DATA IN THIS EXERCISE:
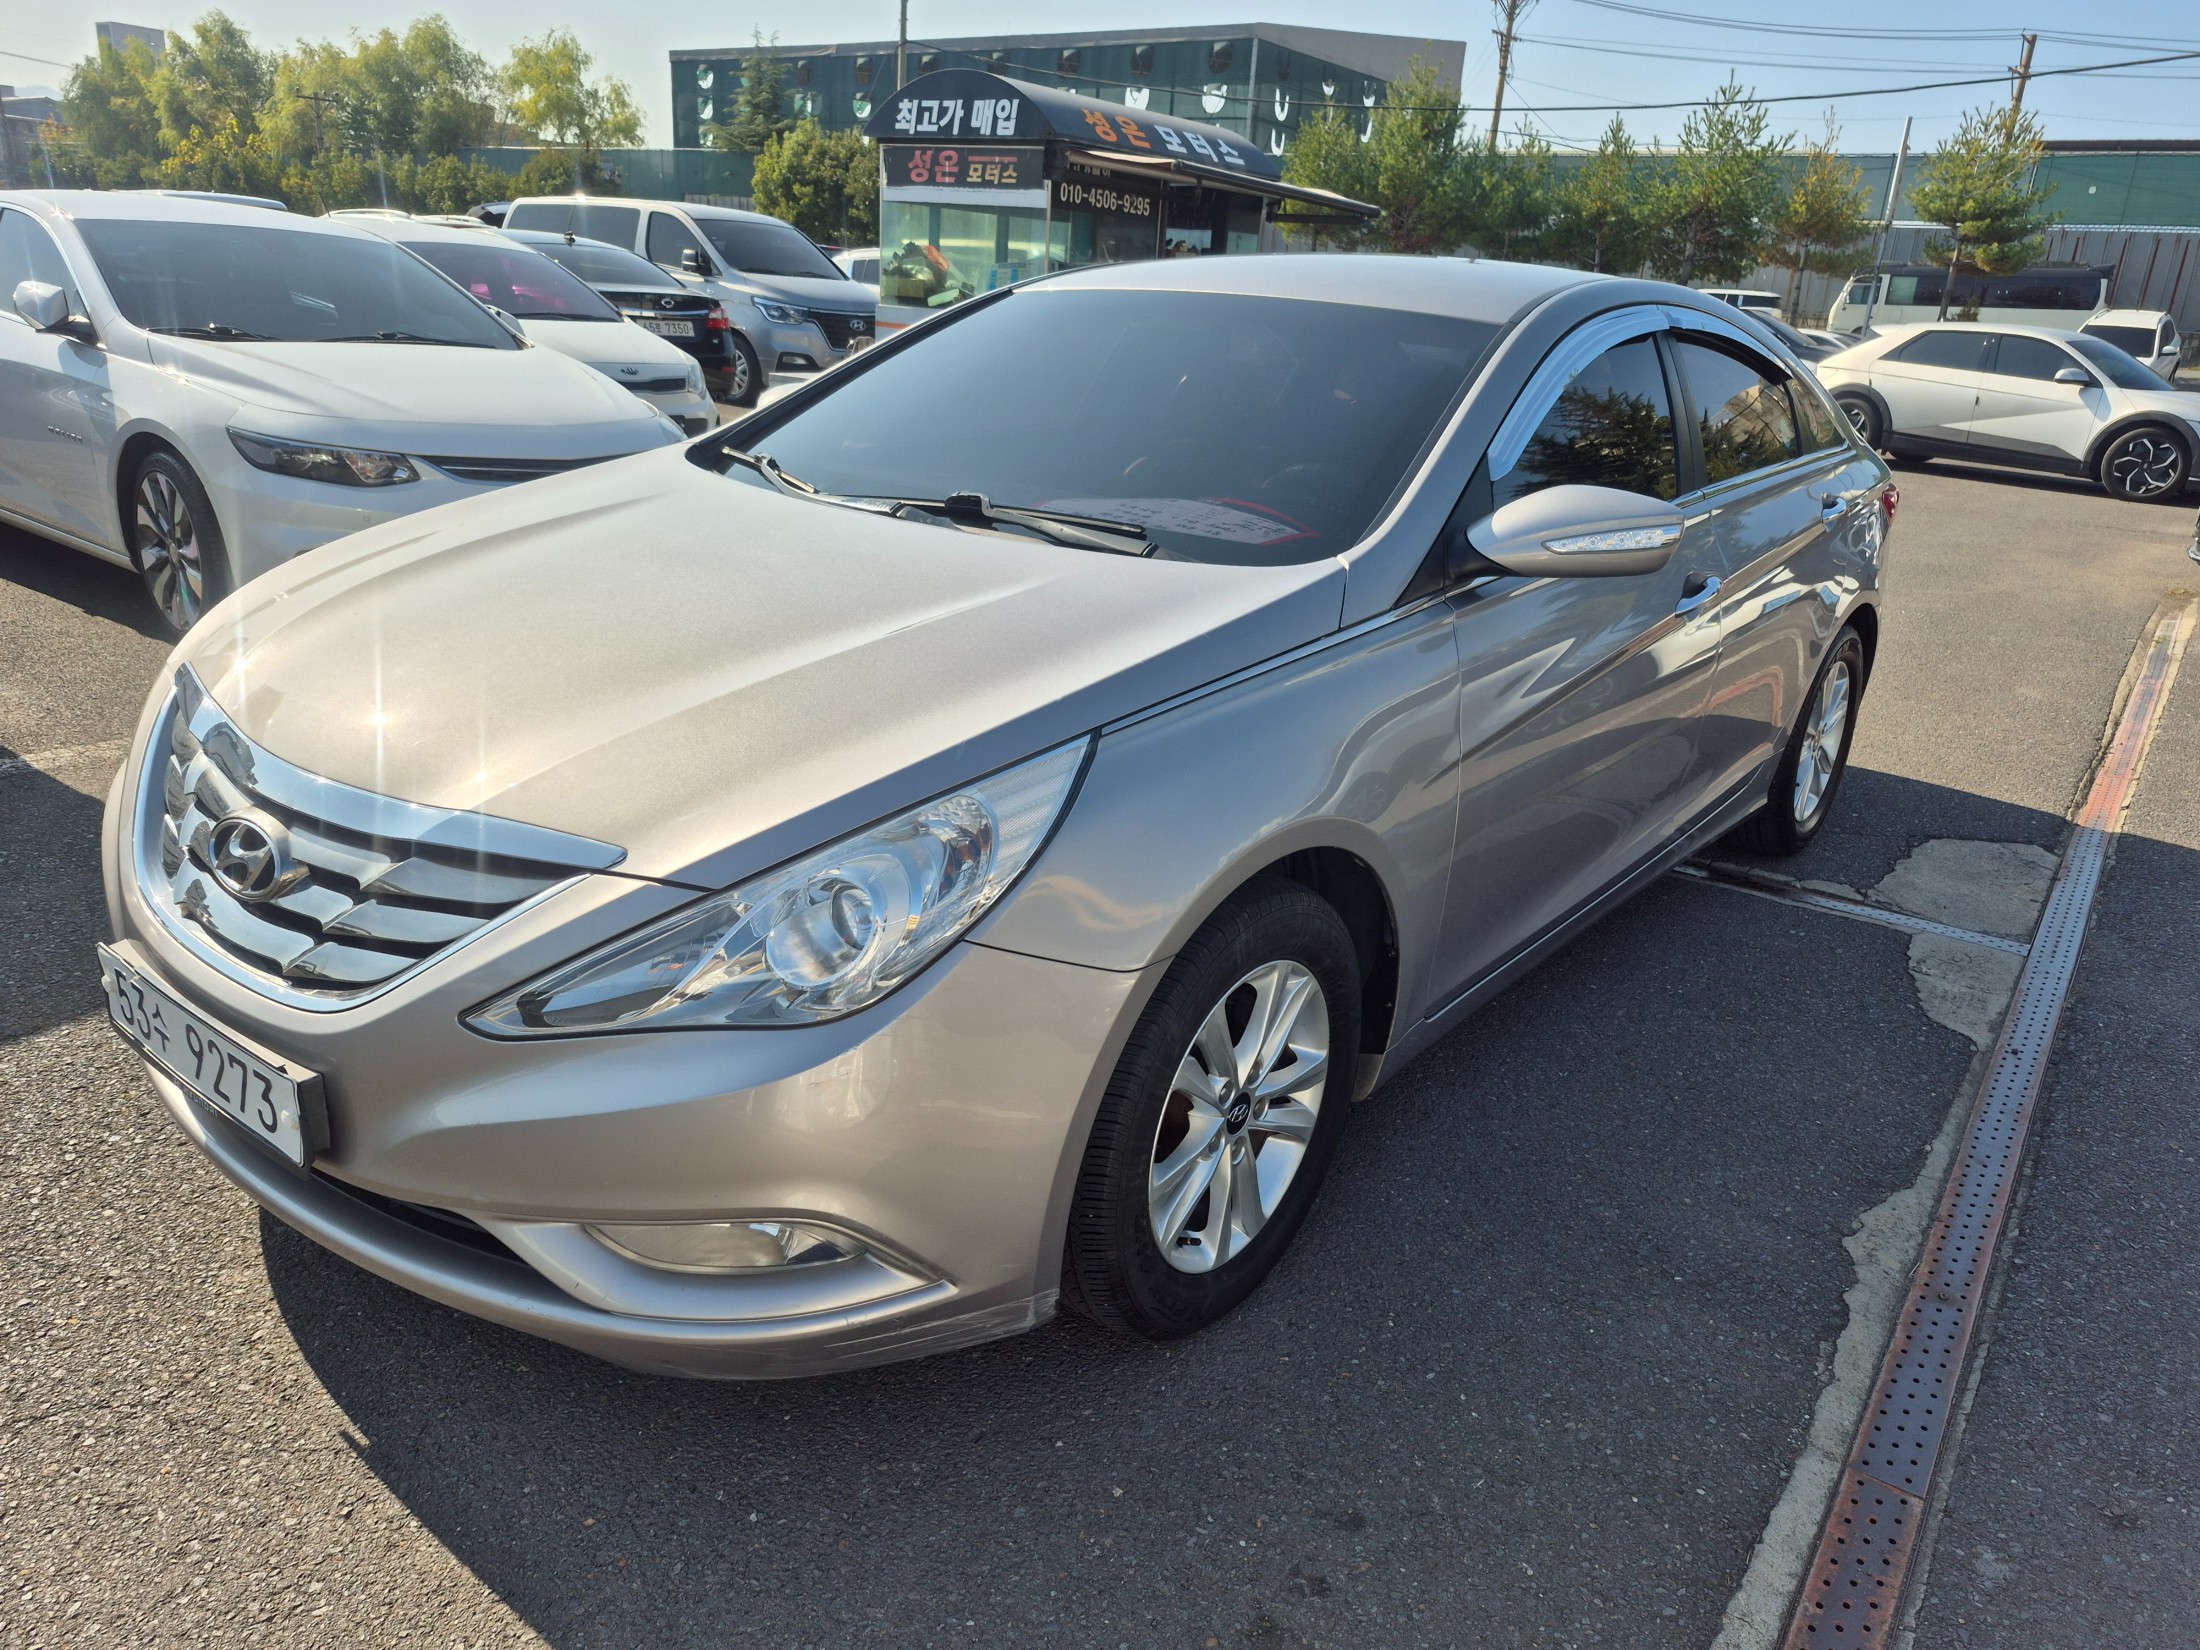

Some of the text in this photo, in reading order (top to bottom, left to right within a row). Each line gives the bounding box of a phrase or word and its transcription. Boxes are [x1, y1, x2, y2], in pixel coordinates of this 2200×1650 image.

[895, 99, 1019, 135] 최고가 매입
[1081, 108, 1245, 165] 성은 모터스
[908, 150, 1018, 184] 성은 모터스
[1060, 182, 1150, 216] 010-4506-9295
[665, 322, 689, 334] 7350
[114, 968, 279, 1134] 53수 9273

YOUR TASK: Pass over the images and copy the rest of the material above exactly.

OUTPUT OF THE TASK:
Some of the text in this photo, in reading order (top to bottom, left to right within a row). Each line gives the bounding box of a phrase or word and its transcription. Boxes are [x1, y1, x2, y2], in pixel coordinates of this 2200×1650 image.

[895, 99, 1019, 135] 최고가 매입
[1081, 108, 1245, 165] 성은 모터스
[908, 150, 1018, 184] 성은 모터스
[1060, 182, 1150, 216] 010-4506-9295
[665, 322, 689, 334] 7350
[114, 968, 279, 1134] 53수 9273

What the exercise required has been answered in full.